Information given START

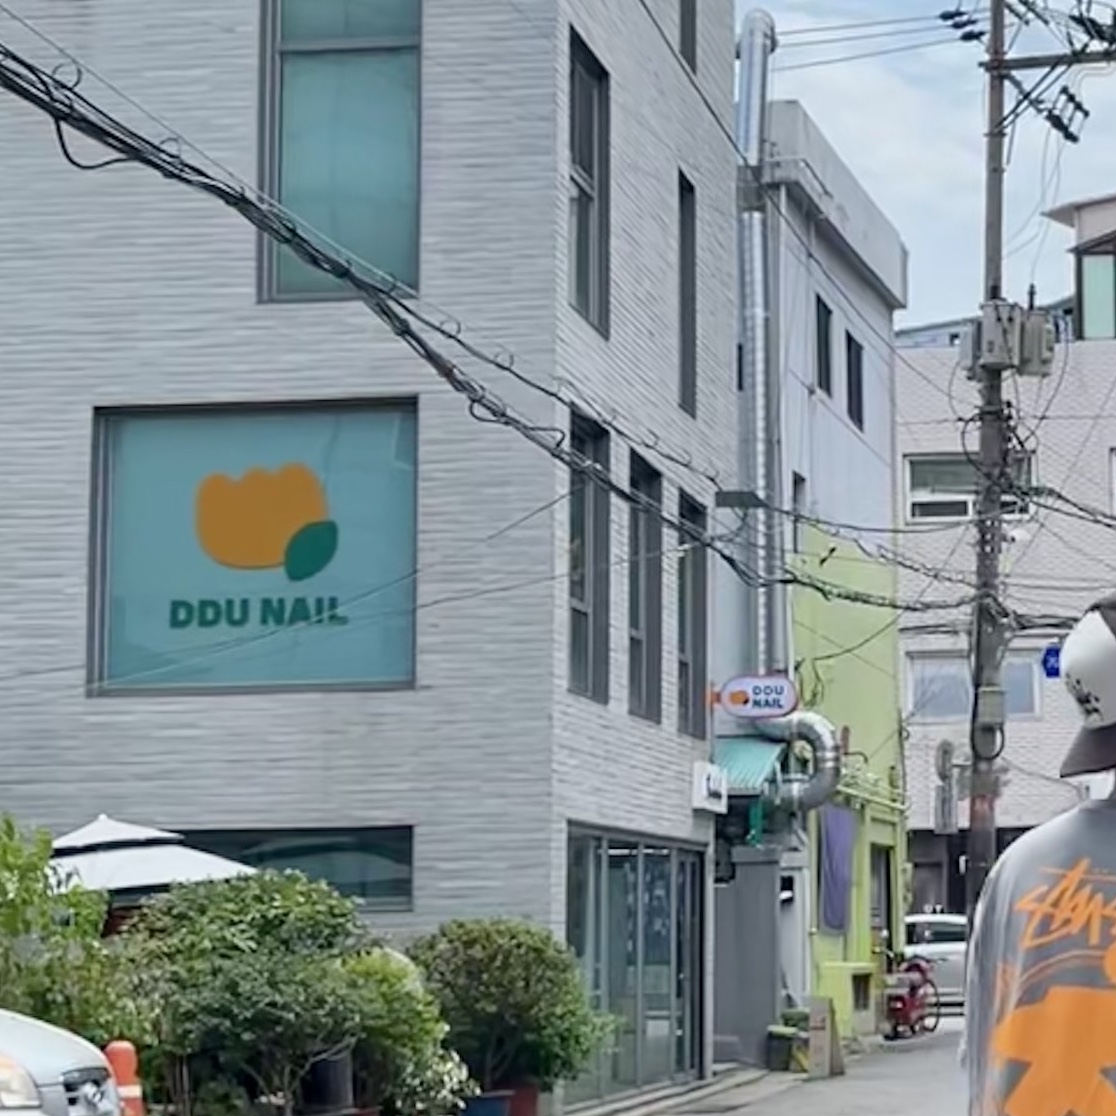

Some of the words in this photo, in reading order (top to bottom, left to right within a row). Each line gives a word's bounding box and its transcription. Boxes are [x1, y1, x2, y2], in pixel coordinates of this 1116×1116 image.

[169, 598, 249, 629] DDU
[260, 595, 349, 626] NAIL
[752, 698, 784, 708] NAIL
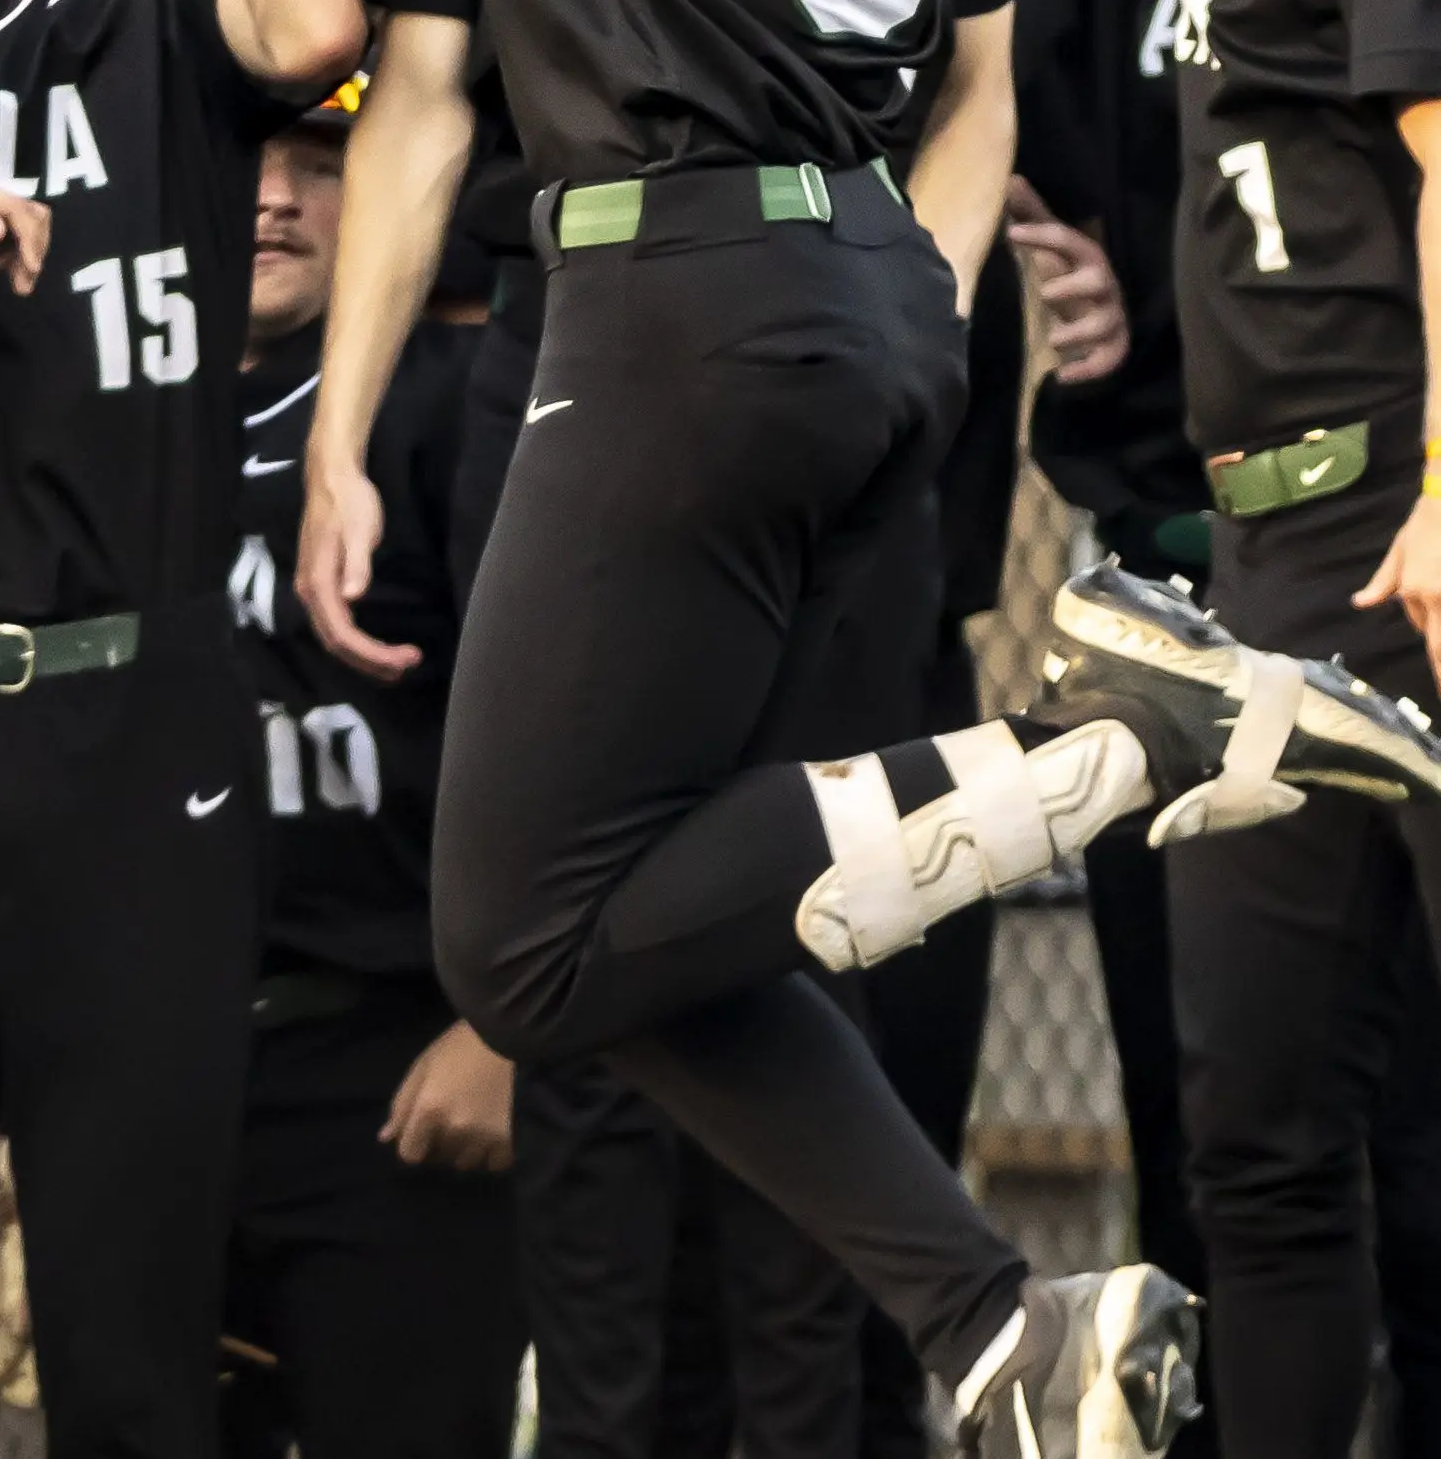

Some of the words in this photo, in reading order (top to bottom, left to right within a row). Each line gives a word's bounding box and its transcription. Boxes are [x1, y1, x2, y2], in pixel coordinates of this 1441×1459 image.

[1218, 141, 1290, 272] 1
[70, 246, 199, 391] 15
[259, 701, 381, 816] 10
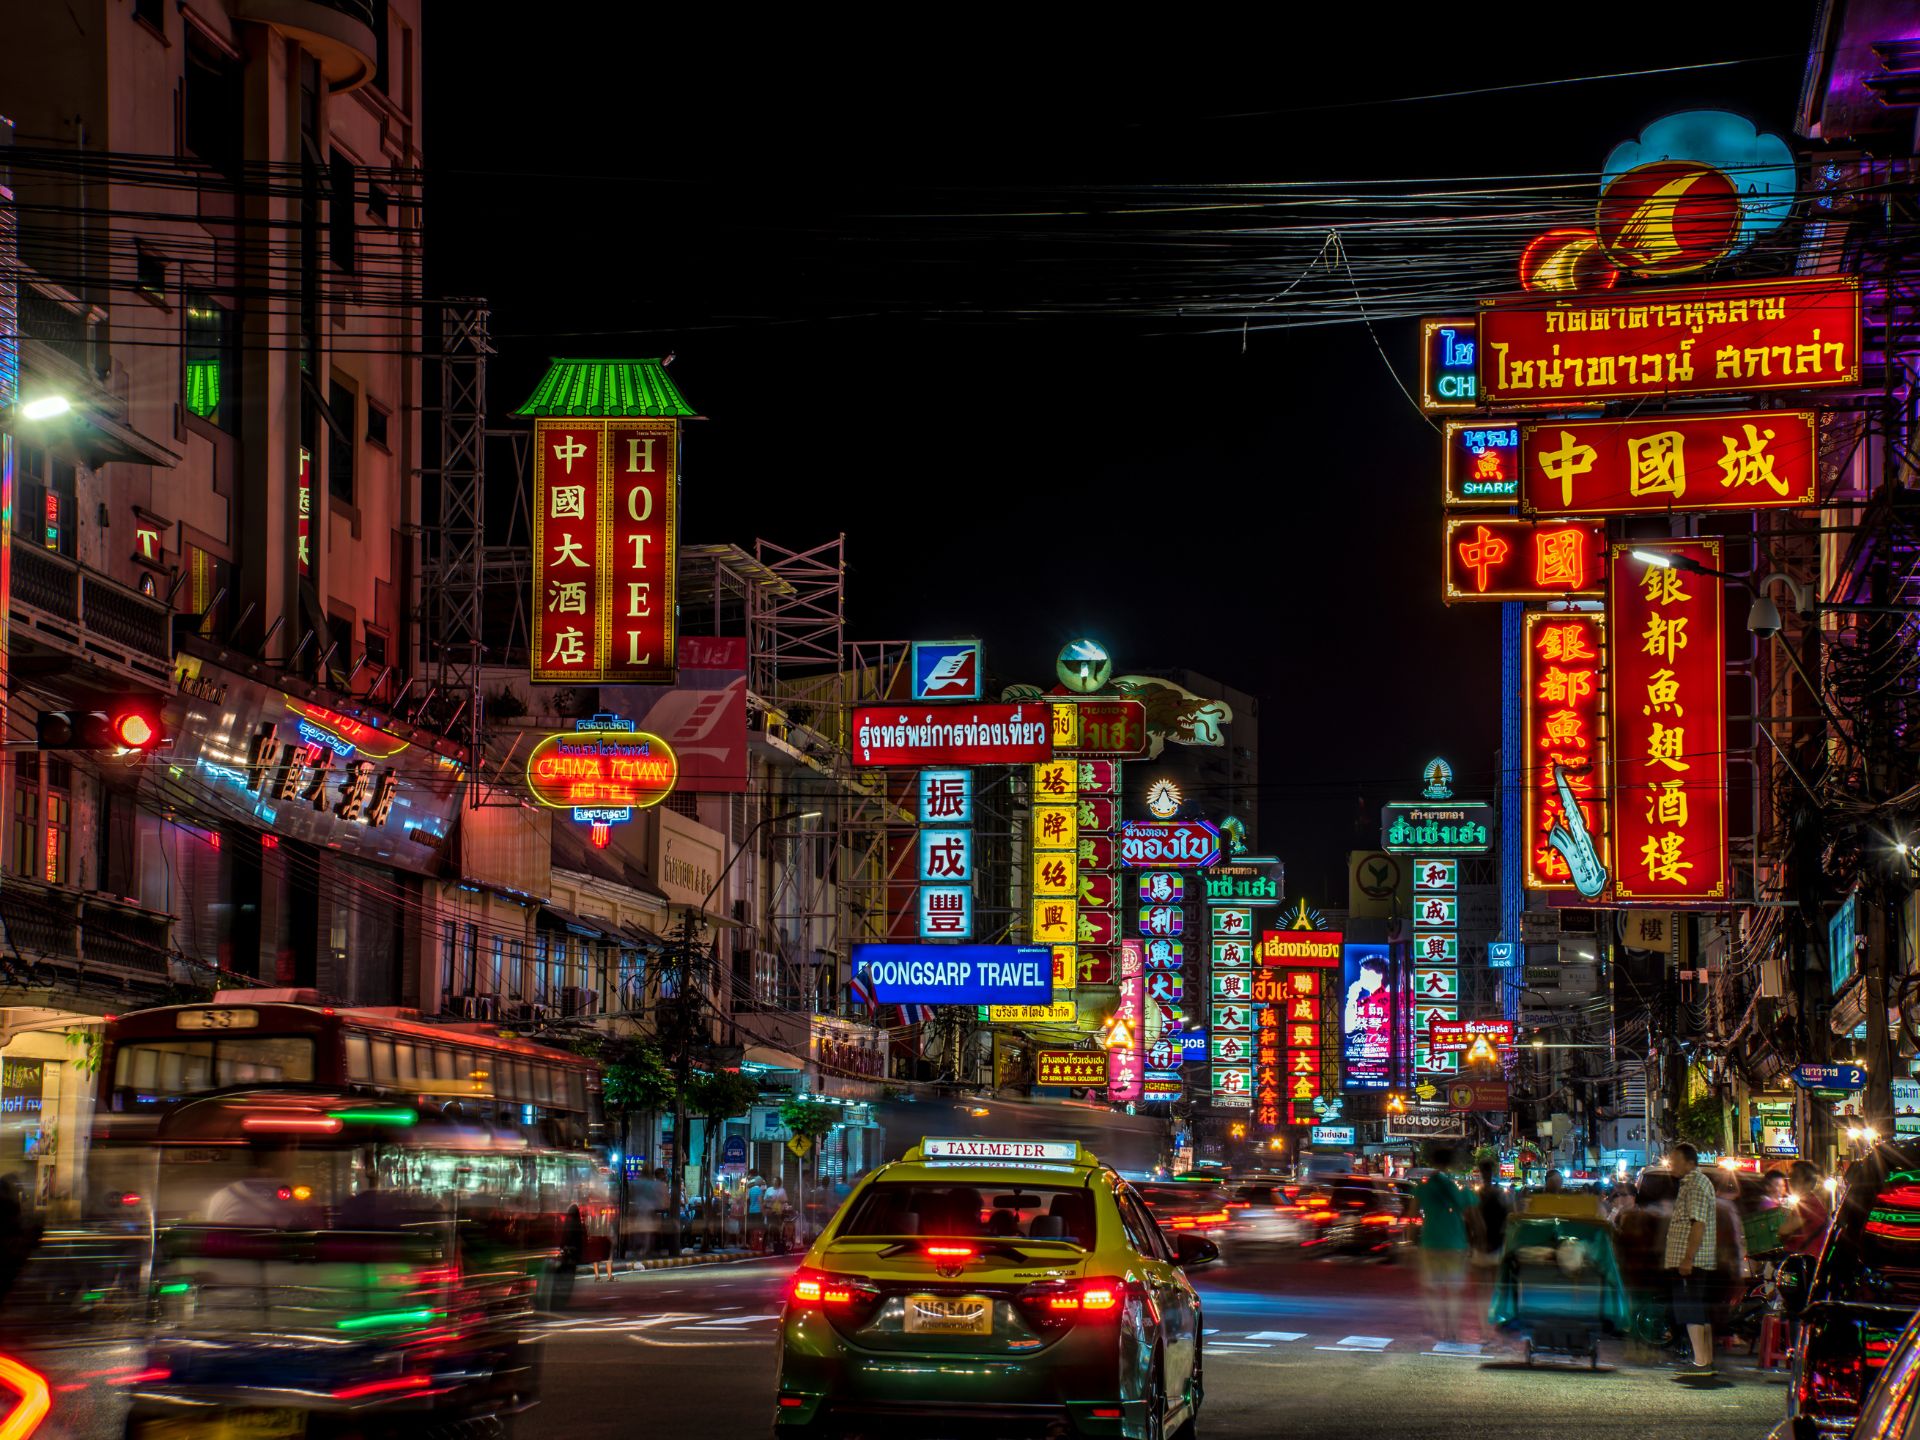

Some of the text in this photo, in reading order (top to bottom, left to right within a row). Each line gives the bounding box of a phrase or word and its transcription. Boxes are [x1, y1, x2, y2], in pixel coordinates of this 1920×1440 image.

[1490, 328, 1846, 390] ไชน่าทาวน์ สกาล่า
[1538, 424, 1789, 507] 中國城
[546, 434, 591, 665] 中國大酒店
[625, 438, 656, 665] HOTEL
[1458, 525, 1584, 592] 中國
[859, 706, 1046, 761] รุ่งทรัพย์การท่องเที่ยว
[1640, 560, 1694, 885] 銀都魚翅酒樓
[538, 758, 668, 781] CHINA TOWN
[927, 778, 965, 933] 振成豐
[1124, 824, 1169, 837] ห้างทอง
[977, 962, 1045, 987] TRAVEL
[1222, 912, 1243, 1090] 和成興大金行
[202, 1009, 234, 1029] 53
[1117, 978, 1135, 1089] 北京仁堂
[1294, 974, 1315, 1123] 聯成興大金
[1801, 1067, 1839, 1077] เยาวราช
[1850, 1070, 1860, 1083] 2
[946, 1141, 1045, 1157] TAXI-METER

Information given END

Activity - Take the line that holds "Some of the text" as the first line and the last line of the data as the final one. Retype everything between, both included, exactly.

Response to this task -
Some of the text in this photo, in reading order (top to bottom, left to right within a row). Each line gives the bounding box of a phrase or word and its transcription. Boxes are [x1, y1, x2, y2], in pixel coordinates of this 1920×1440 image.

[1490, 328, 1846, 390] ไชน่าทาวน์ สกาล่า
[1538, 424, 1789, 507] 中國城
[546, 434, 591, 665] 中國大酒店
[625, 438, 656, 665] HOTEL
[1458, 525, 1584, 592] 中國
[859, 706, 1046, 761] รุ่งทรัพย์การท่องเที่ยว
[1640, 560, 1694, 885] 銀都魚翅酒樓
[538, 758, 668, 781] CHINA TOWN
[927, 778, 965, 933] 振成豐
[1124, 824, 1169, 837] ห้างทอง
[977, 962, 1045, 987] TRAVEL
[1222, 912, 1243, 1090] 和成興大金行
[202, 1009, 234, 1029] 53
[1117, 978, 1135, 1089] 北京仁堂
[1294, 974, 1315, 1123] 聯成興大金
[1801, 1067, 1839, 1077] เยาวราช
[1850, 1070, 1860, 1083] 2
[946, 1141, 1045, 1157] TAXI-METER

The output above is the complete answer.